Die Innovation mag da sein, aber sie ist noch längst nicht in der Welt. Auf die kurze Freude der Zeugung folgen Schmerzen und Geburt. Ich sehe, in einigen rollen ganze Filme mit frustrierenden Erfahrungen ab. Nicht die Idee, der Durchbruch ist das Entscheidende. Aristoteles machte den Punkt: „Der Anfang ist immer schon die Hälfte.“

Ein Quantum Trost:

Alles, was wir selbstverständlich nutzen, war mal Innovation. Es stand unter Beschuss. Die Waschmaschine würde nie weiße Wäsche hervorbringen. Nur das Rasiermesser, gut gewetzt, sei des gepflegten Mannes würdig. Computer sind Jobkiller. Handys zerfunken das Gehirn.

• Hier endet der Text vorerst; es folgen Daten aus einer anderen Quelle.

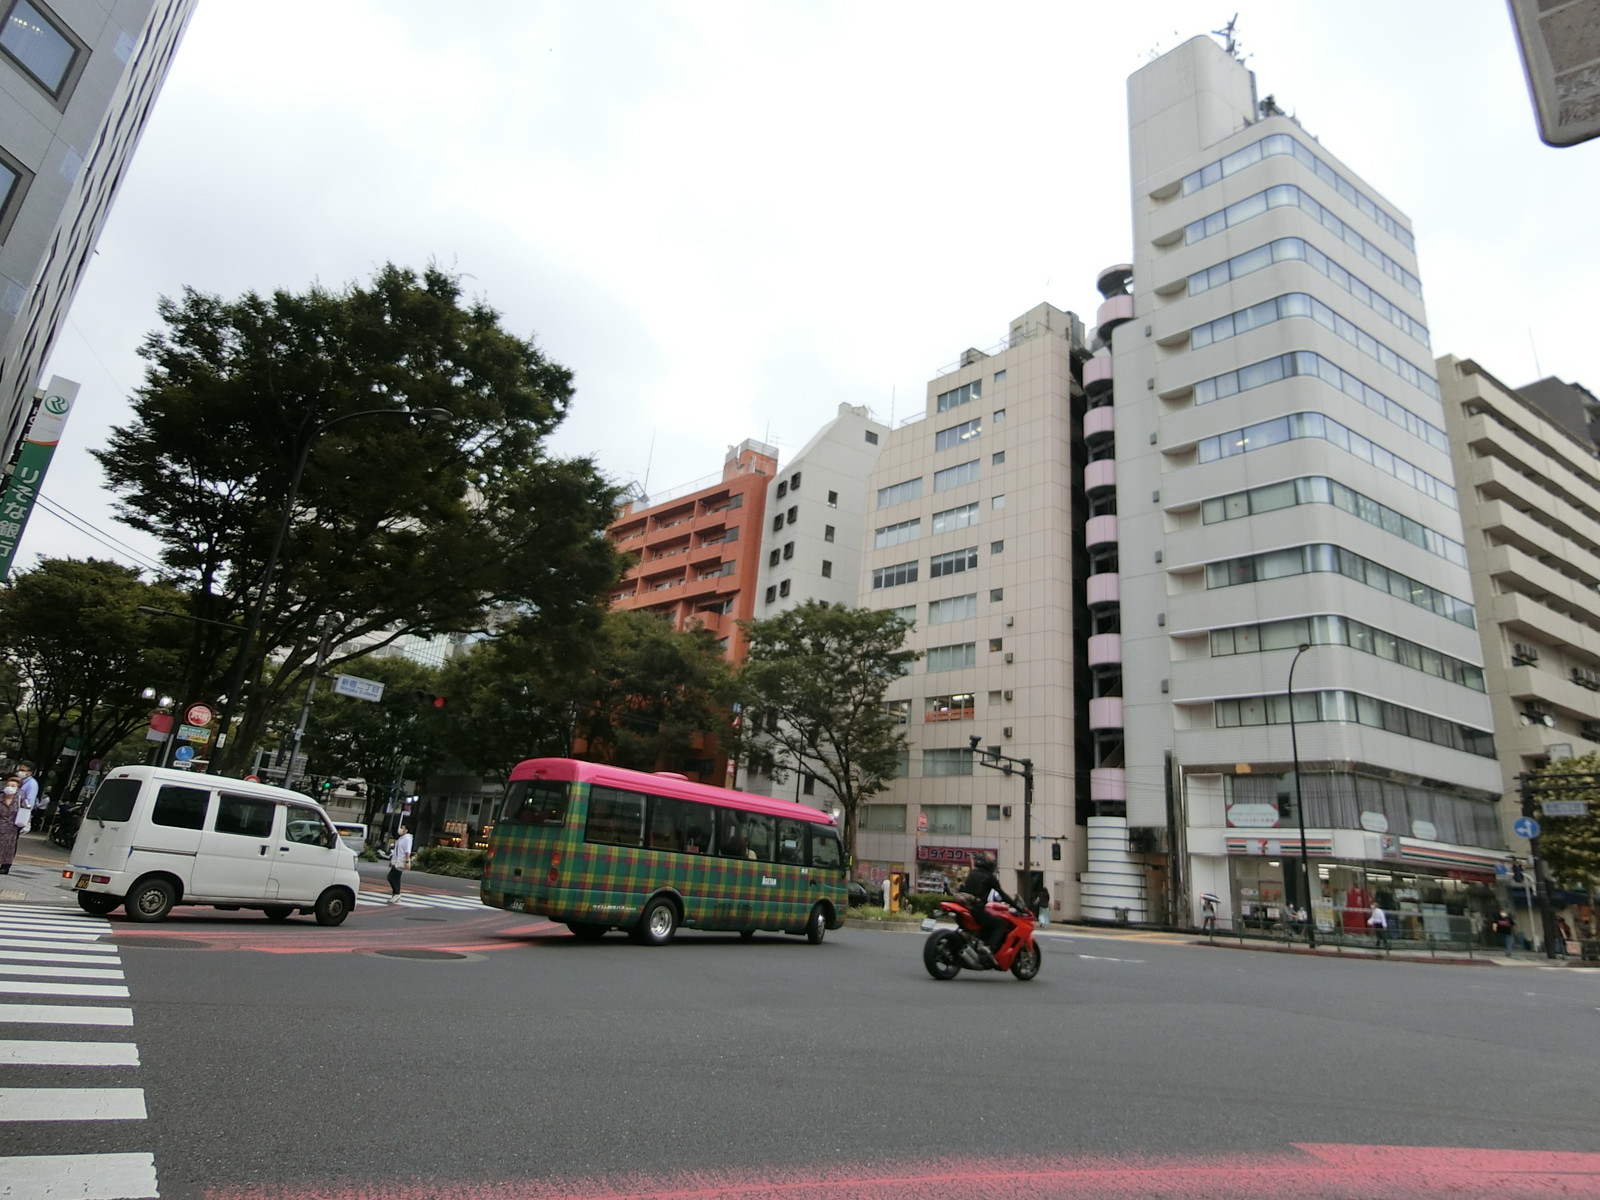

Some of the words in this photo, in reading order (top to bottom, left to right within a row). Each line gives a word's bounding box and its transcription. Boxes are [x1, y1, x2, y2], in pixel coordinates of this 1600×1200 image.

[0, 467, 40, 557] りそな銀行

Man kann also ziemlich sicher sein: Gute Ideen setzen sich irgendwann durch. Erfindergeist wartet nicht auf Parteitagsbeschlüsse. Er beschert uns ein exponentielles Wachstum an neuen Produkten und Verfahren, angefeuert durch Markt und Wettbewerb.

Keine Generation hat eine solche Demokratisierung des technischen Fortschritts erlebt. Früher war Mangel die ständige Herausforderung. Heute überfordert uns Fülle. Es wird drängender, das Machbare vom Wünschbaren zu unterscheiden.

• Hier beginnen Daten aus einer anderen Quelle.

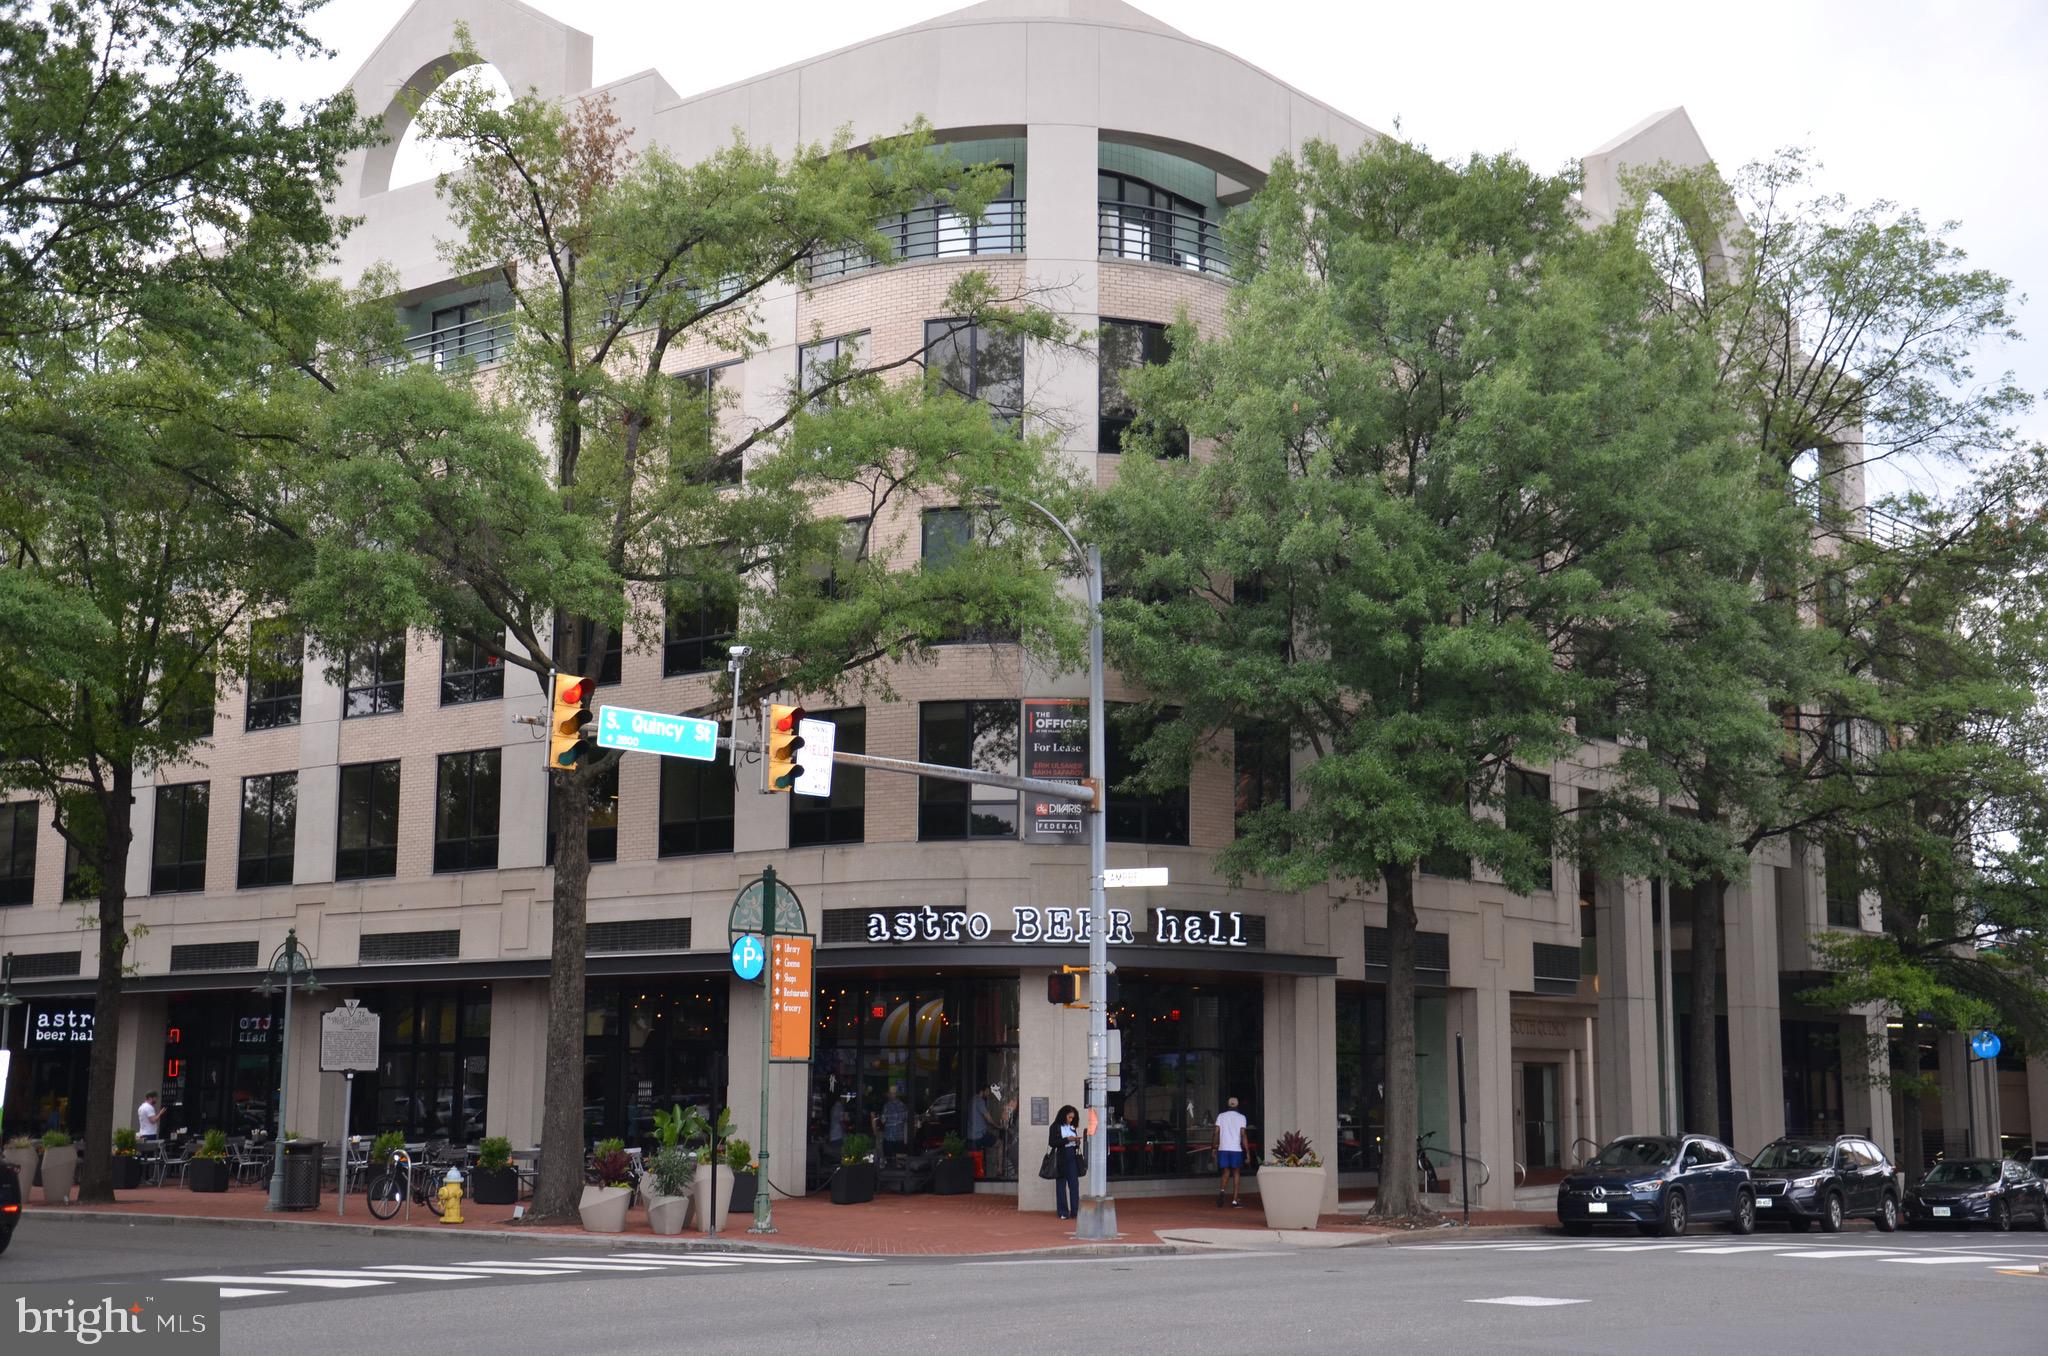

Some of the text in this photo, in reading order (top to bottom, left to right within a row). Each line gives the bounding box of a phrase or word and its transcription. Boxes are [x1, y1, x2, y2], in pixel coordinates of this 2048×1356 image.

[605, 711, 711, 743] S. Quincy St
[1035, 718, 1088, 729] OFFICES
[1033, 742, 1082, 753] For Lease
[1049, 803, 1082, 814] DIVARIS
[1038, 822, 1079, 830] FEDERAL
[864, 904, 992, 942] astro
[1155, 907, 1248, 947] hall
[743, 946, 756, 969] P
[37, 1010, 96, 1027] astr
[36, 1029, 94, 1041] beer hal

Es ist nicht alles in Ordnung:

Zu viele Schlagzeilen verderben die Stimmung.

  • Lebensmittelskandale und Tierseuchen wecken Zweifel am Sinn industrialisierter Landwirtschaft.
  • Chemische Substanzen belasten Umwelt und erzeugen neue Allergien.
  • Fossile Brennstoffe erwärmen die Atmosphäre.
  • Kernkraftwerke – ursprünglich gefeiert als sicher, sauber und wirtschaftlich – gelten nun als unsicher und unwirtschaftlich.
  • Die Steuerung der Welt- und Finanzwirtschaft scheitert am Egoismus weniger Glücks- und Raubritter.
  • Korruption, Kartelle, Steuerhinterziehung beschädigen Marktwirtschaft und fairen Wettbewerb.
  • Planungsfehler und Schönrechnerei machen Großprojekte zum desaströsen Abenteuer.
  • Misswirtschaft der Öffentlichen Hände setzt Milliarden Steuergelder in den Sand.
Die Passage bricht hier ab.